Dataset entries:
*** Block opens ***

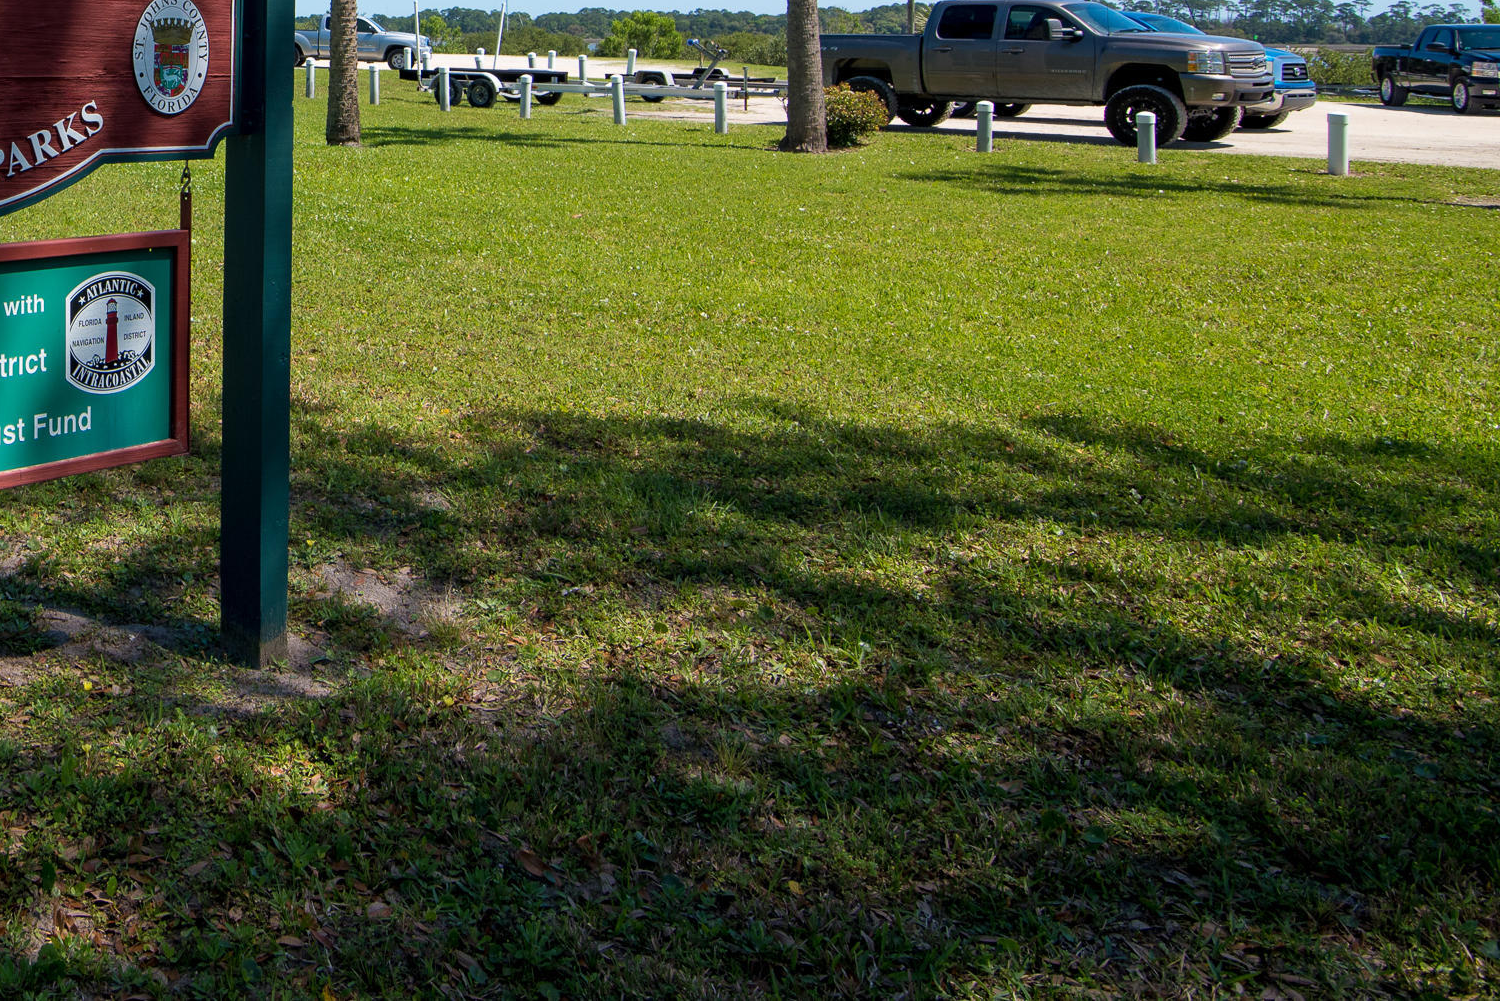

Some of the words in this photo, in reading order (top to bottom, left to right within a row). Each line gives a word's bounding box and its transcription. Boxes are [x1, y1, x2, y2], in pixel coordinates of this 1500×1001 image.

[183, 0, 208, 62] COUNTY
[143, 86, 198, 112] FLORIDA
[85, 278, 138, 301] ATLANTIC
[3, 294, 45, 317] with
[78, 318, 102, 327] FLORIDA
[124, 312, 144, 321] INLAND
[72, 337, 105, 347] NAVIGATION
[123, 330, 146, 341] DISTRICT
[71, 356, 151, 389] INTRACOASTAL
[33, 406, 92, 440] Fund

*** Block closes ***

**The task**:
The pictures in the data should be omitted, and every remaining line set down exactly.

**Final answer**:
Some of the words in this photo, in reading order (top to bottom, left to right within a row). Each line gives a word's bounding box and its transcription. Boxes are [x1, y1, x2, y2], in pixel coordinates of this 1500×1001 image.

[183, 0, 208, 62] COUNTY
[143, 86, 198, 112] FLORIDA
[85, 278, 138, 301] ATLANTIC
[3, 294, 45, 317] with
[78, 318, 102, 327] FLORIDA
[124, 312, 144, 321] INLAND
[72, 337, 105, 347] NAVIGATION
[123, 330, 146, 341] DISTRICT
[71, 356, 151, 389] INTRACOASTAL
[33, 406, 92, 440] Fund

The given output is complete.